Baca Juga: Meski Masih Jadi Karyawan Entry Level, 5 Leadership Skill Ini Perlu Kamu Miliki
Dalam revisi tersebut diketahui bahwa akan ada status baru ASN, yang semula hanya terdiri atas dua unsur, yakni PNS dan PPPK. Sekarang, akan menjadi tiga unsur, yaitu PNS, PPPK, dan PPPK Part Time (paruh waktu).
Anggota Komisi II DPR Guspardi Gaus selaku anggota Panja RUU ASN menjelaskan, “Jadi ini PPPK dulu hanya satu, sekarang ada dua, ada yang full time, ada yang paruh waktu."
Seperti namanya, tugas dari PPPK Part Time ini juga berbeda dari pegawai honorer. Waktu kerja tidak seharian dan sesuai dengan yang telah disepakati sehingga tak perlu seharian berada di kantor.
Tujuan dibuatnya PPPK Part Time atau PPPK Paruh Waktu
Masih menurut Guspardi, PPPK Part Time dibuat untuk mengakomodir tenaga honorer di lingkungan pemerintahan, baik pusat dan daerah, yang terdampak kebijakan penghapusan tenaga honorer mendatang.
Di satu sisi, PPPK Paruh Waktu bisa menjadi solusi agar tenaga honorer tidak kehilangan pekerjaan dan pendapatannya.
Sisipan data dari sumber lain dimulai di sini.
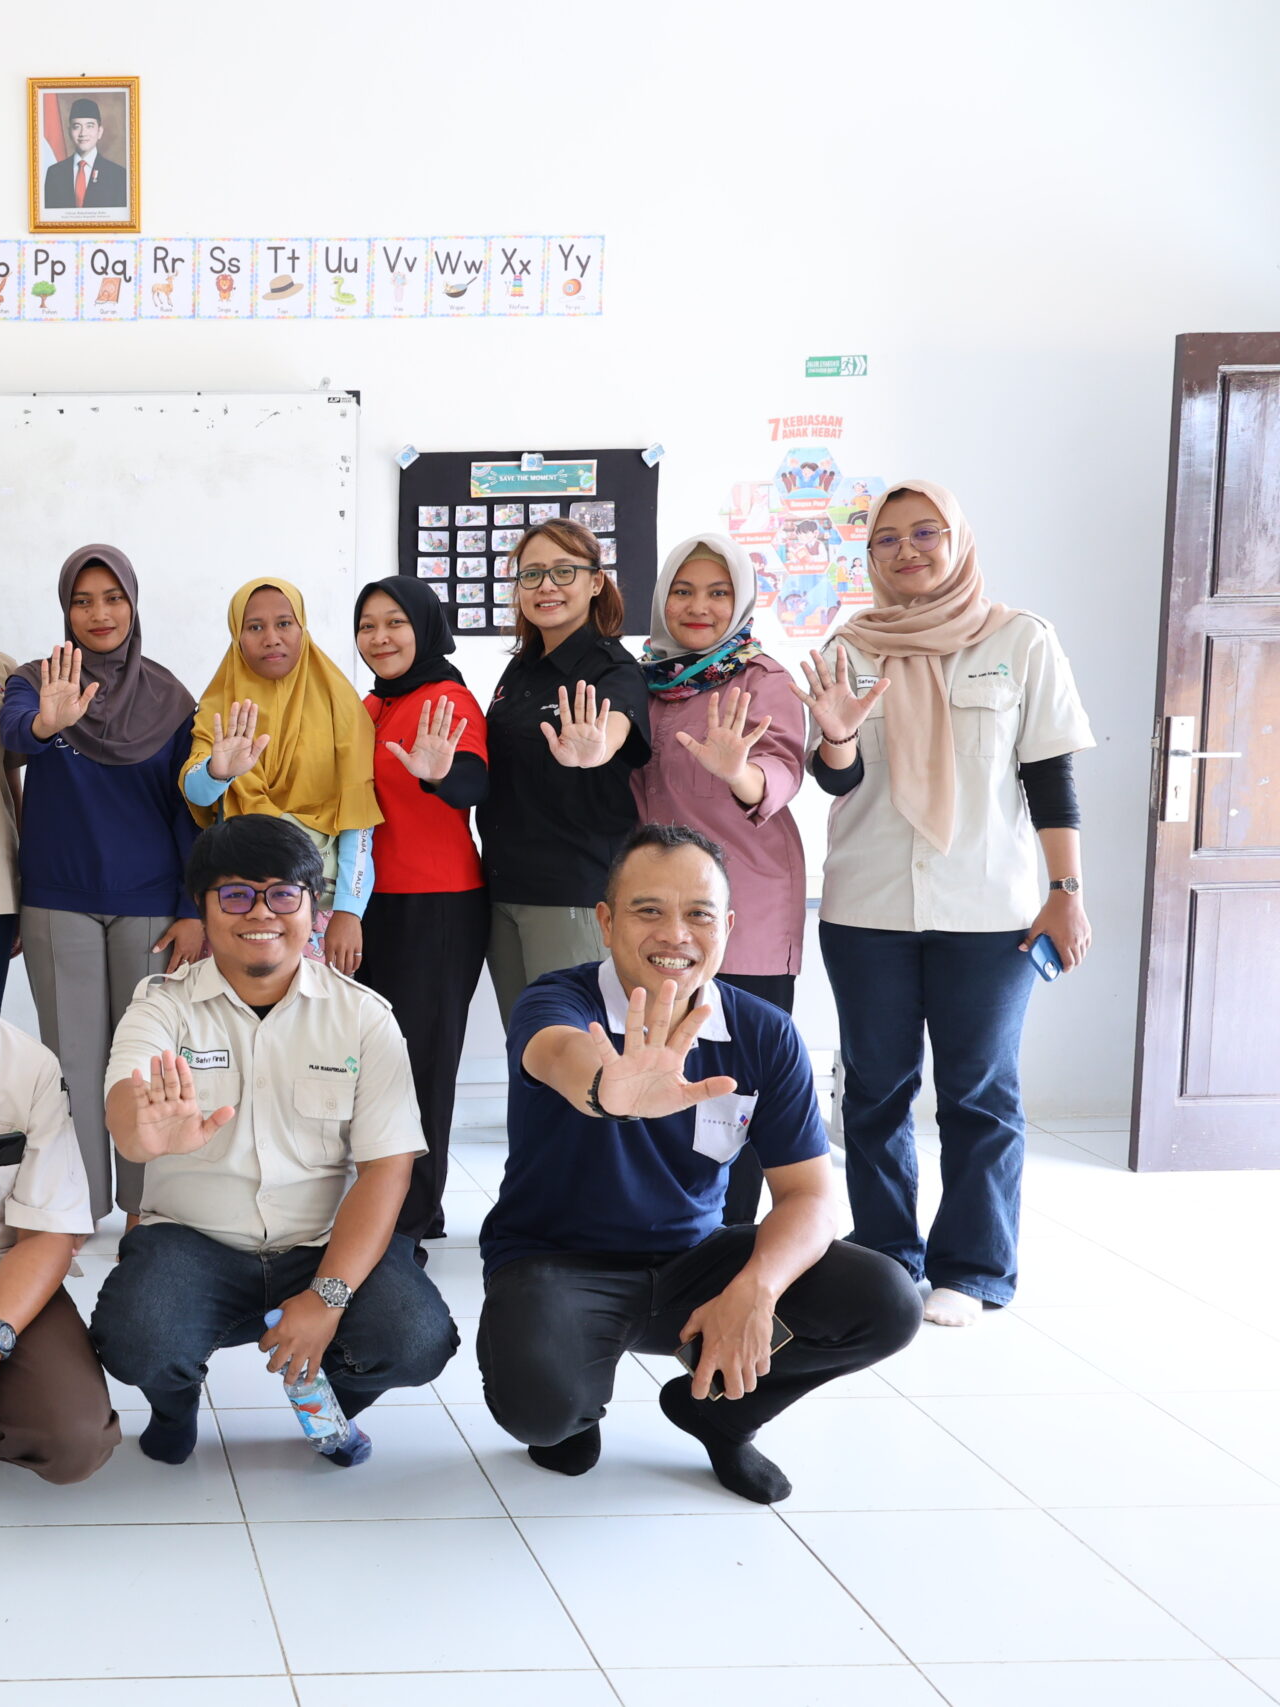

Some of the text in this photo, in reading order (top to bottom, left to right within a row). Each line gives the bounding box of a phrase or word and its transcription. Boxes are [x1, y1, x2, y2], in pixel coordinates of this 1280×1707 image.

[34, 249, 66, 283] Pp
[90, 248, 132, 283] Qq
[153, 246, 185, 274] Rr
[209, 246, 241, 274] Ss
[266, 246, 300, 273] Tt
[325, 246, 358, 274] Uu
[382, 246, 417, 273] Vv
[434, 250, 483, 275] Ww
[500, 248, 531, 275] Xx
[558, 244, 591, 278] Yy
[768, 418, 780, 441] 7
[783, 414, 843, 428] KEBIASAAN
[783, 428, 843, 439] ANAK HEBAT
Sementara untuk pemerintah, beban anggaran tidak bertambah untuk belanja pegawai.
Sebagai informasi, ada sebanyak 2,3 juta tenaga honorer hasil verifikasi pemerintah yang harus diubah statusnya oleh pemerintah.
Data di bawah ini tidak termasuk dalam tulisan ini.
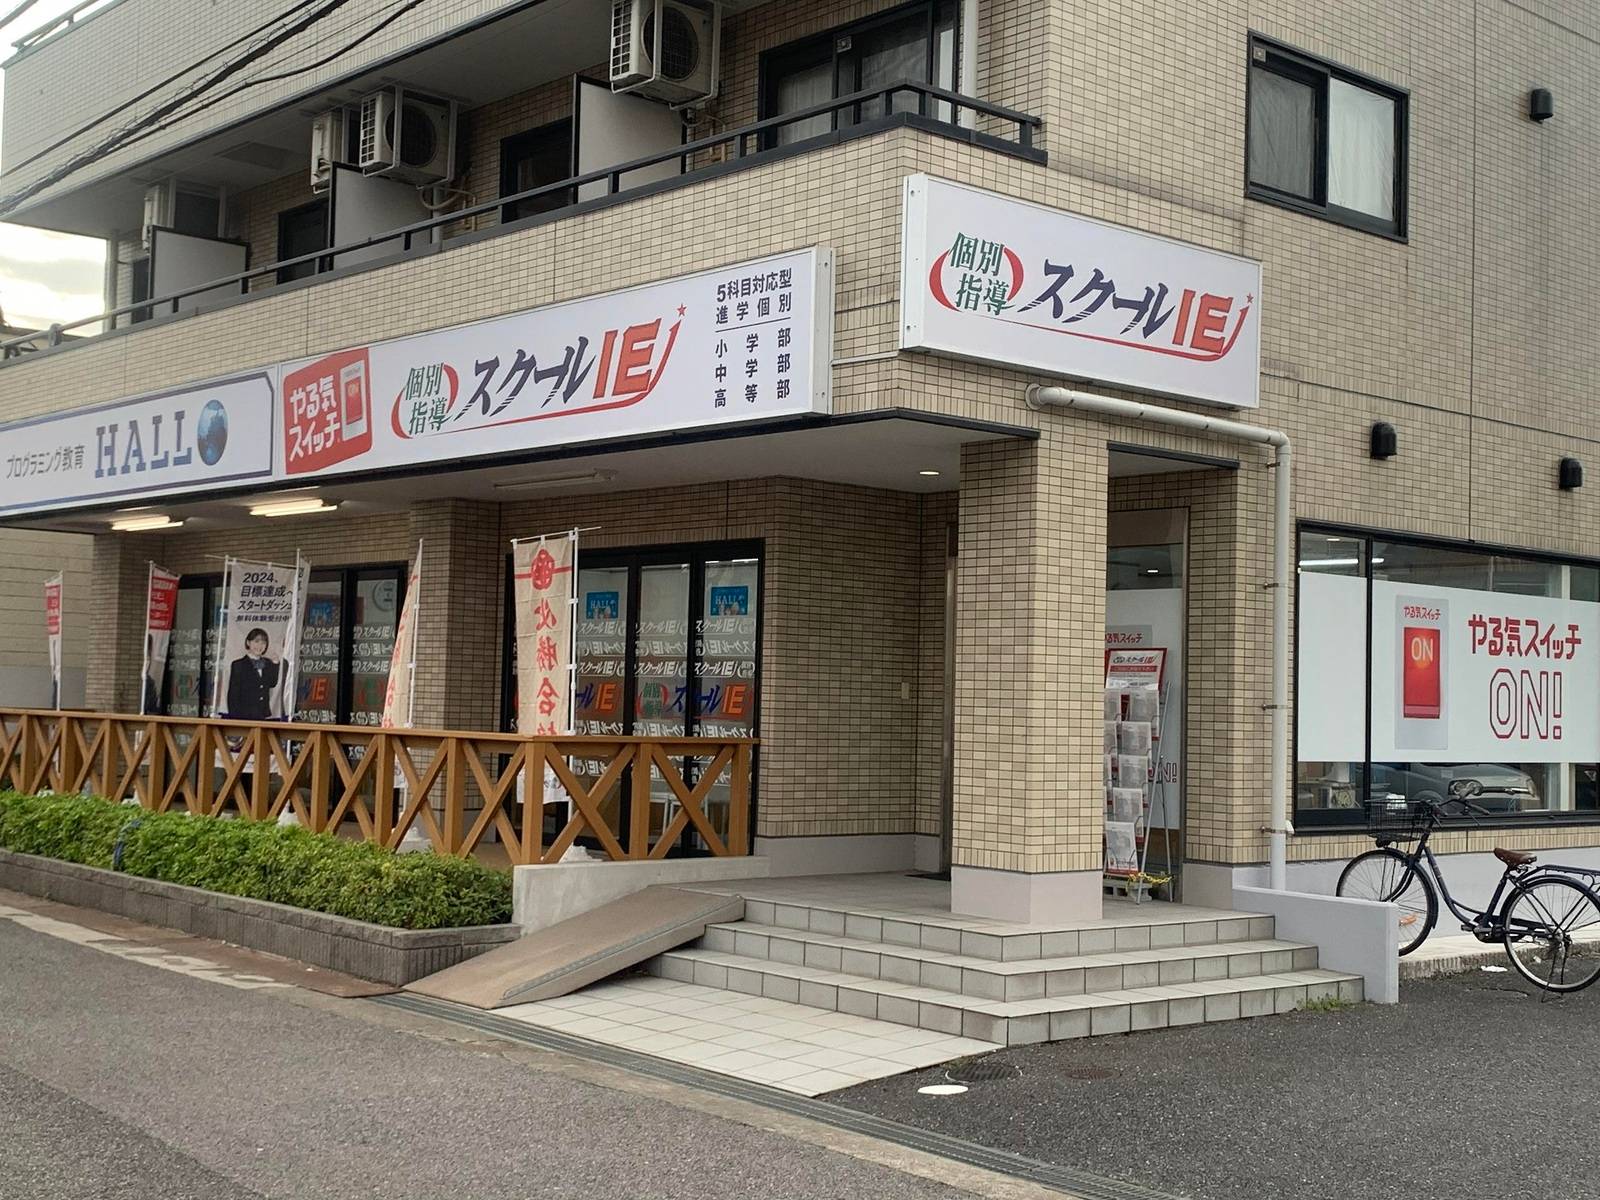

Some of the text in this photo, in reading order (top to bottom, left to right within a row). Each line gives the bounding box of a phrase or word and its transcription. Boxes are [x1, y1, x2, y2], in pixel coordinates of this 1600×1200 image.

[949, 231, 1004, 277] 個別
[716, 268, 792, 303] 5科目対応型
[955, 272, 1012, 316] 指導
[1017, 259, 1234, 354] スクールIE
[715, 292, 792, 325] 進学個別
[405, 362, 444, 401] 個別
[454, 317, 661, 421] スクールIE
[289, 374, 337, 426] やる気
[408, 397, 452, 435] 指導
[288, 411, 341, 462] スイッチ
[6, 444, 86, 479] プログラミング教育
[1403, 605, 1441, 620] やる気スイッチ
[1410, 637, 1433, 662] ON
[1467, 614, 1582, 660] やる気スイッチ
[1489, 668, 1562, 739] ON!
Baca Juga: PLN Buka Lowongan Kerja Khusus S1 dan S2 Diaspora, Ini Jurusan dan Persyaratan yang Dibutuhkan
"Ini menjadi win-win solution, kalau paruh waktu tentu anggaran gajinya tidak sama dengan full time, jadi meringankan anggaran negara. Di satu sisi para honorer ada kepastian dia bekerja di pemerintahan," jelasnya.
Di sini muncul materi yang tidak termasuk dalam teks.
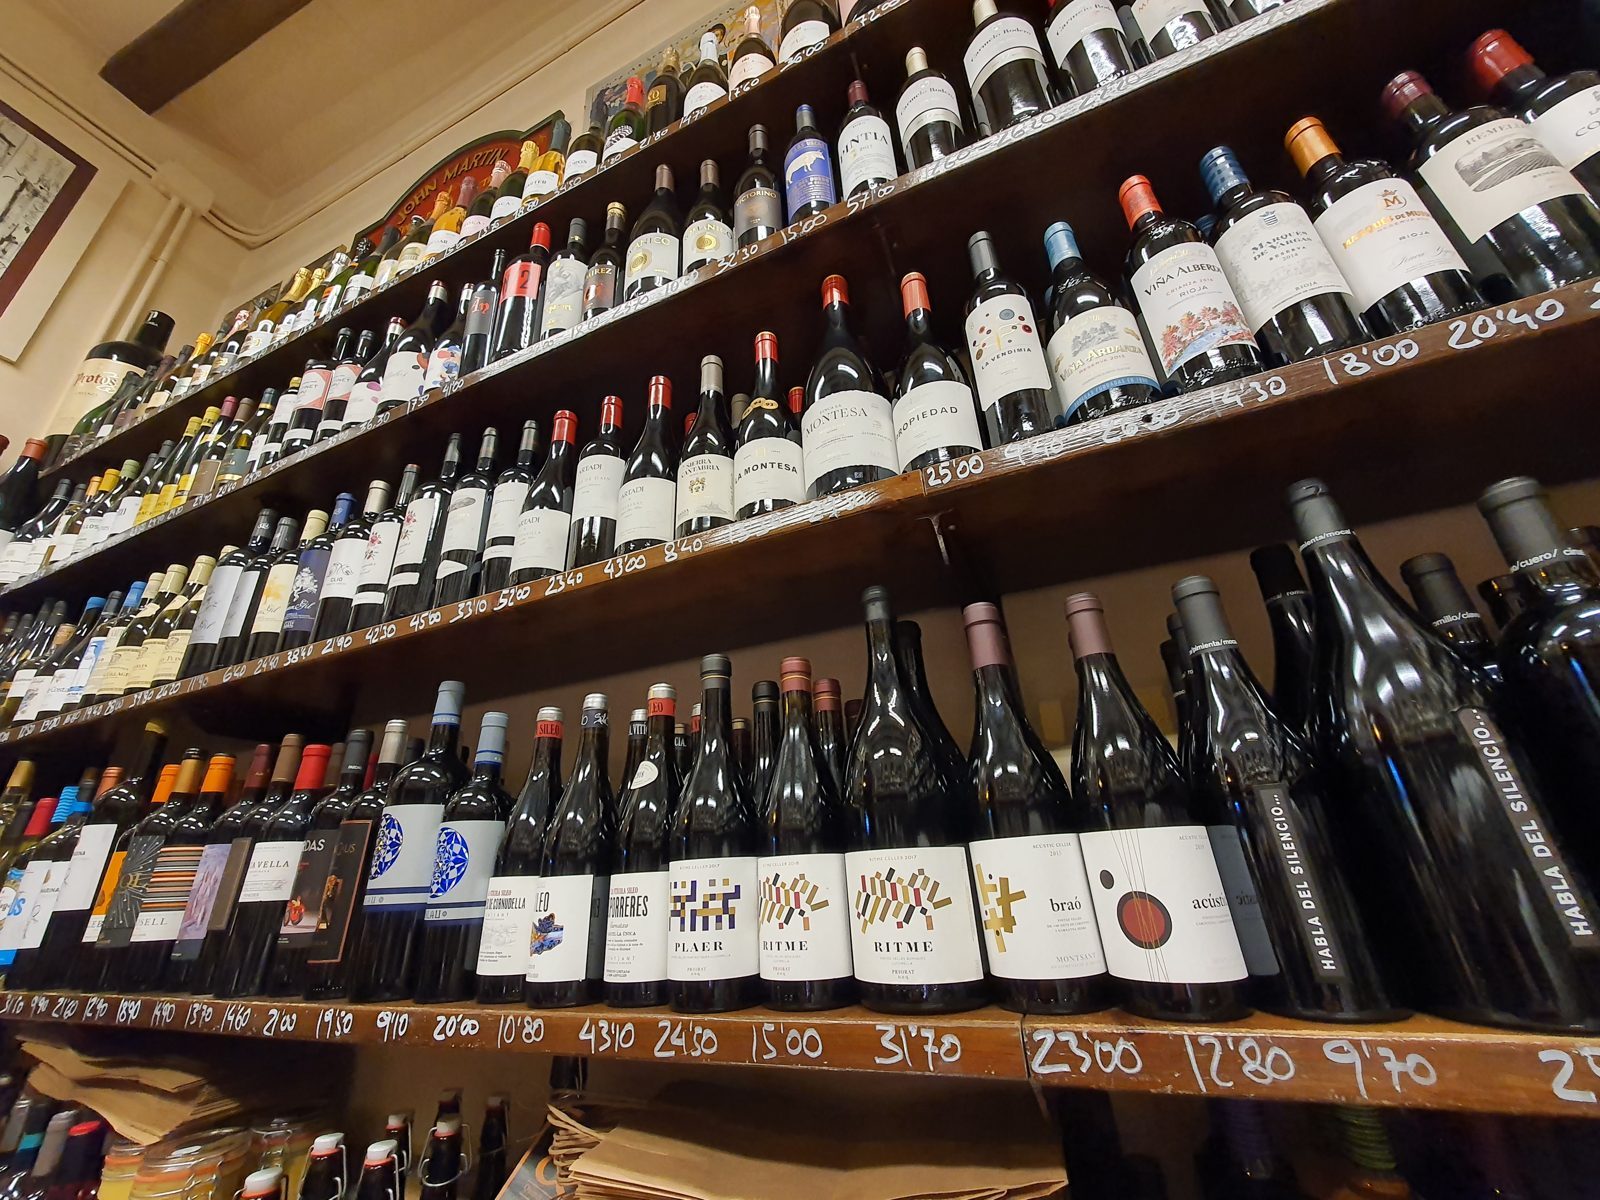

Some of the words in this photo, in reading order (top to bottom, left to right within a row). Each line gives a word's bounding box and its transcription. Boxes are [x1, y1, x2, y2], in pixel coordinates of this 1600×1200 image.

[397, 178, 438, 226] JOHN
[443, 148, 510, 184] MARTIN
[1383, 195, 1402, 208] M
[781, 213, 828, 244] 15'00
[519, 269, 530, 290] 2
[1144, 274, 1175, 296] VIÑA
[1179, 285, 1208, 297] RIOJA
[1448, 298, 1565, 350] 20'40
[991, 347, 1032, 362] VENDIMIA
[1323, 341, 1419, 385] 18'00
[743, 461, 799, 477] MONTESA
[926, 454, 985, 488] 25'00
[664, 538, 703, 563] 8'40
[603, 553, 647, 580] 43'00
[544, 572, 583, 597] 23'40
[539, 724, 560, 735] SILEO
[1521, 819, 1552, 858] DEL
[1050, 895, 1082, 912] braó
[1296, 881, 1316, 910] DEL
[1544, 865, 1594, 936] HABLA
[674, 941, 723, 952] PLAER
[763, 940, 808, 952] RITME
[874, 941, 934, 953] RITME
[1307, 916, 1336, 970] HABLA
[433, 1014, 479, 1040] 20'00
[497, 1014, 544, 1048] 10'80
[579, 1017, 634, 1054] 43'10
[654, 1020, 718, 1057] 24'50
[752, 1022, 823, 1062] 15'00
[874, 1025, 961, 1071] 31'70
[1032, 1029, 1142, 1073] 23'00
[1184, 1035, 1295, 1092] 12'80
[1323, 1040, 1437, 1099] 9'70
Hal ini juga sudah sesuai dengan keputusan Menteri Pendayagunaan Aparatur Negara dan Reformasi Birokrasi (PANRB) Abdullah Azwar Anas.
Saat muncul kebijakan tenaga honorer dihapus, ia berjanji akan menyelesaikan status para pekerja tanpa ada pembengkakan anggaran, PHK massal, dan penurunan pendapatan.
Artikel Terkait
Gonta-Ganti Pekerjaan Bisa Berakibat Buruk untuk Karir? Ini Faktanya
Mario Dandy Mengaku Tidak Kasihan saat Menganiaya David Ozora
Chat Mantan Pacar Bilang Masih Sayang, Mario Dandy Salting di Persidangan
Buat Fresh Graduate: PT Bank Mandiri Taspen Buka Lowongan Acquisition & Sales Capability Officer
Persoalan Rumput dan Akses Keluar Masuk yang Bikin JIS Tak Sesuai Standar FIFA
Ditanya Hakim Mengapa Pakai Pelat Nomor Palsu, Mario Dandy: “Biar Keren Saja, Yang Mulia"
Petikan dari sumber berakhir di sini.